_Dataset_
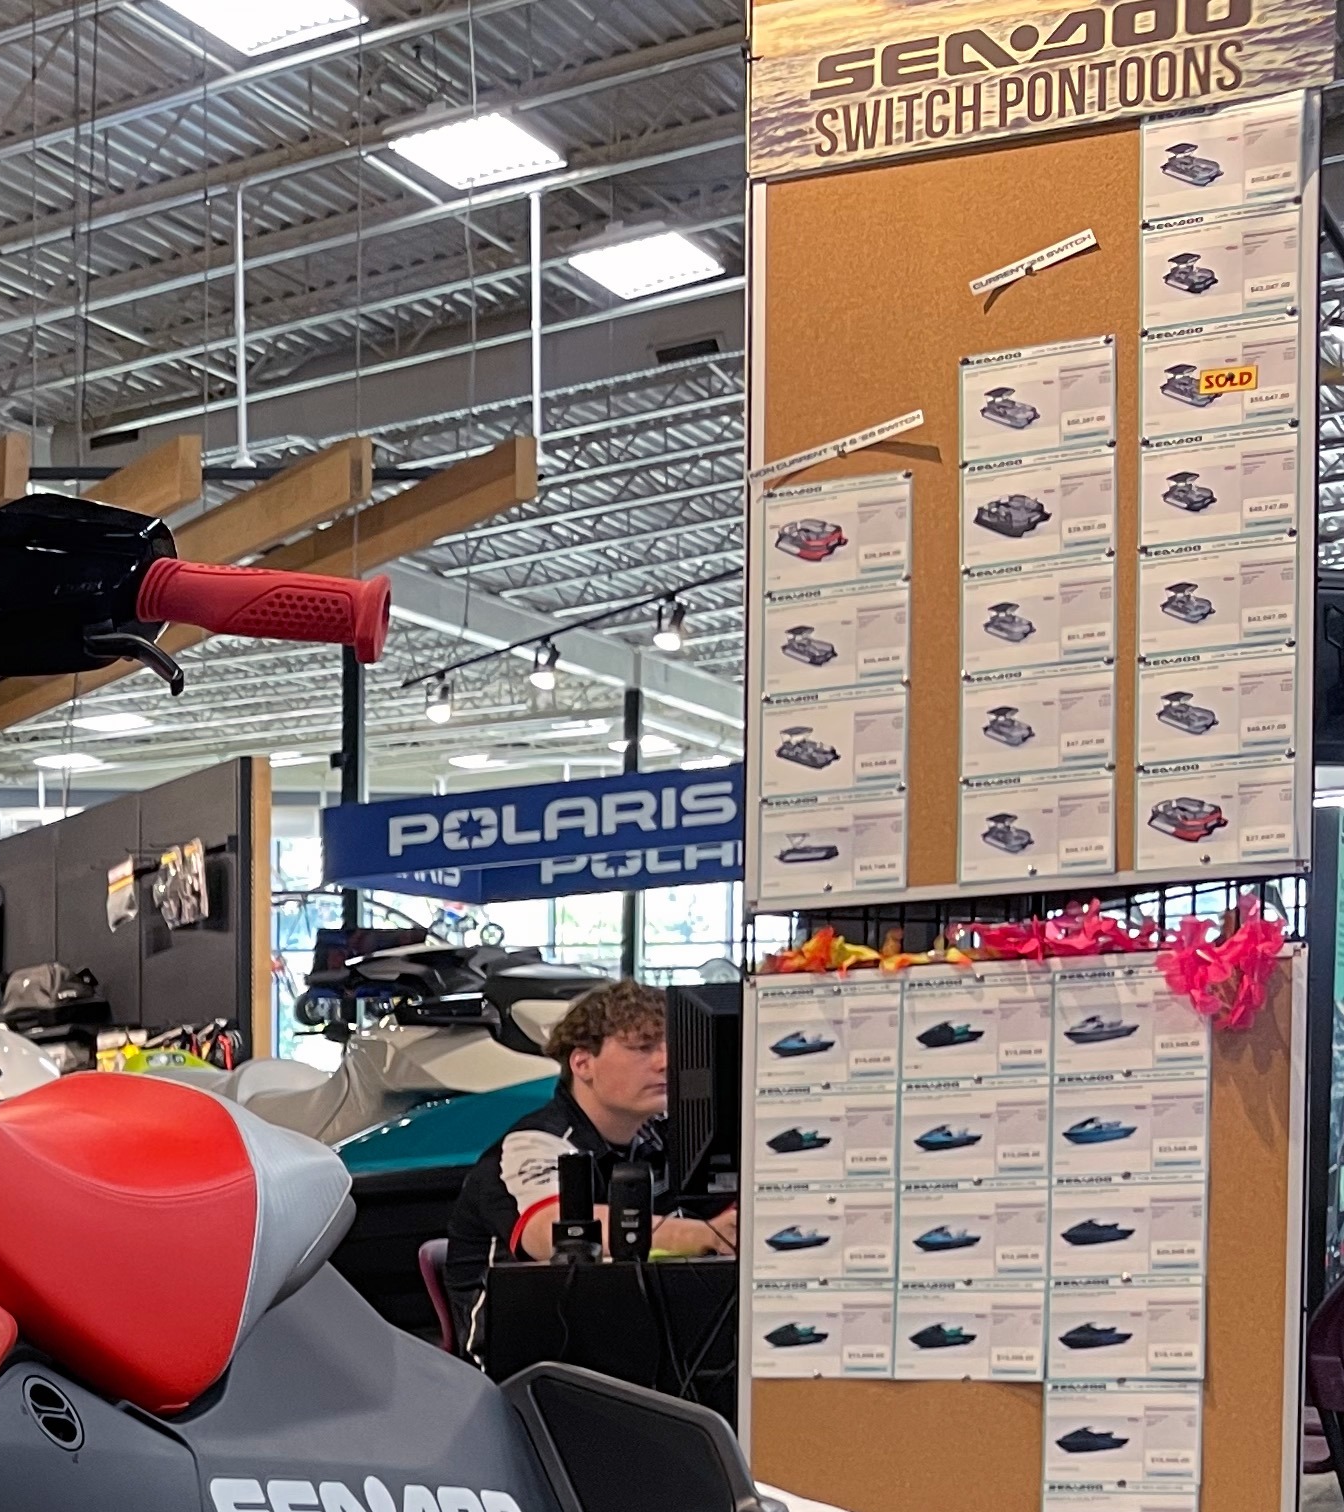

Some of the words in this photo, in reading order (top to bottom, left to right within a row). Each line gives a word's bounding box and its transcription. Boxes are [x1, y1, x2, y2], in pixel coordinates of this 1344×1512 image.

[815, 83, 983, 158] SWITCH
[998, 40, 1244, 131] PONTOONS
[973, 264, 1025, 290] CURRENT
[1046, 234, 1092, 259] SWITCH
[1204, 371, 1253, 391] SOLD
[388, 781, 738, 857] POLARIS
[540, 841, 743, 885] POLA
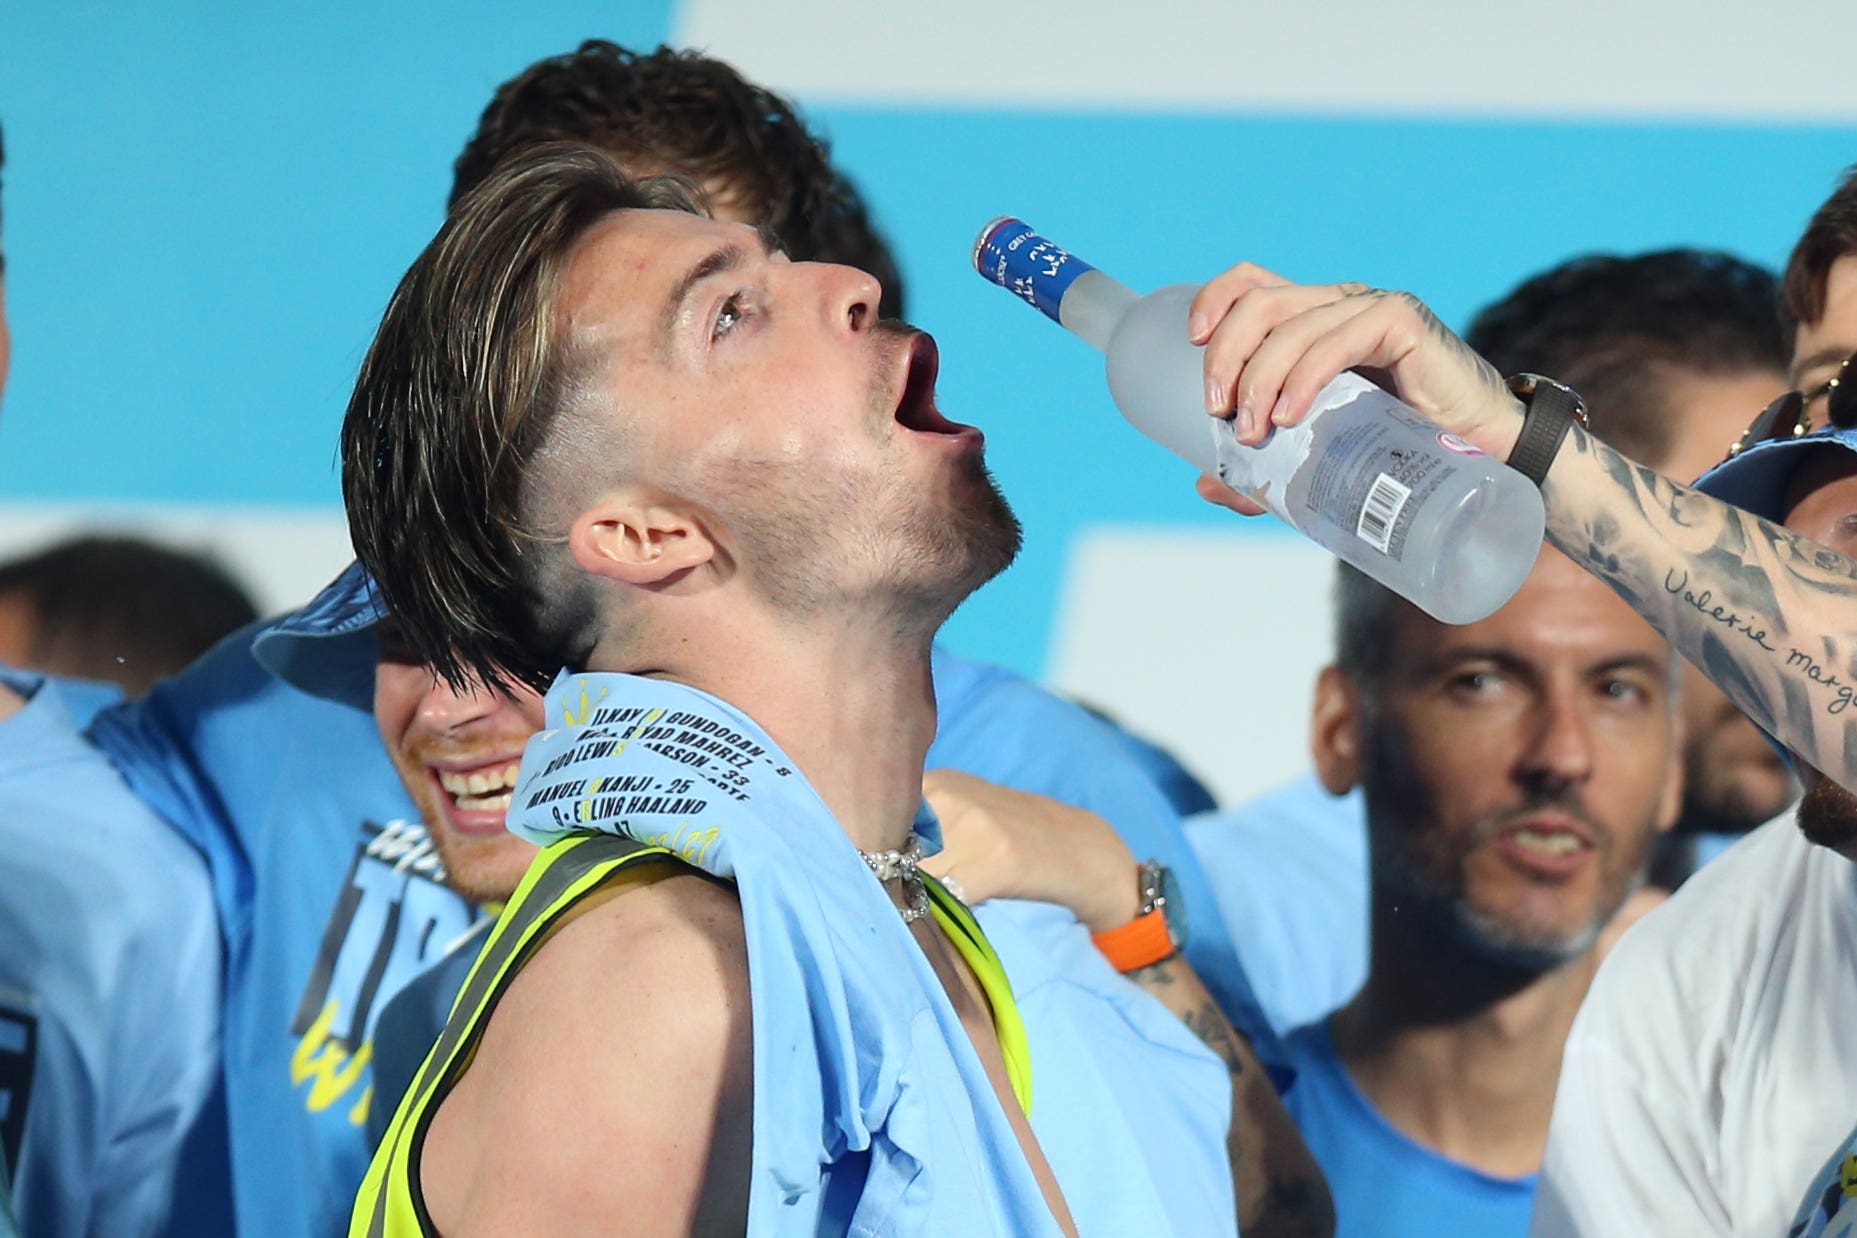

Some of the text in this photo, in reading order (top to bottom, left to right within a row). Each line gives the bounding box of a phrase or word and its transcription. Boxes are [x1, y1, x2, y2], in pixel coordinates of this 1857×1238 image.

--

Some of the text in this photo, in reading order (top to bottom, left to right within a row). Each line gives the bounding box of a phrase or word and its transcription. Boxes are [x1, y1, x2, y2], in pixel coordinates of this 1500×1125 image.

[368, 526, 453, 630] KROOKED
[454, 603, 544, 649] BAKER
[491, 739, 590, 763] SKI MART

_Exercise prompt_
In the listing above, find the line with "Some of the words" and output every line through the one with "this 1857×1238 image.", exactly, without the pictures.

_Reply_
Some of the words in this photo, in reading order (top to bottom, left to right within a row). Each line gives a word's bounding box and its transcription. Boxes are [x1, y1, x2, y2], in pixel coordinates of this 1344×1512 image.

[815, 83, 983, 158] SWITCH
[998, 40, 1244, 131] PONTOONS
[973, 264, 1025, 290] CURRENT
[1046, 234, 1092, 259] SWITCH
[1204, 371, 1253, 391] SOLD
[388, 781, 738, 857] POLARIS
[540, 841, 743, 885] POLA

Some of the text in this photo, in reading order (top to bottom, left to right within a row). Each line gives the bounding box of a phrase or word and its transcription. Boxes are [x1, y1, x2, y2], in pixel coordinates of this 1857×1238 image.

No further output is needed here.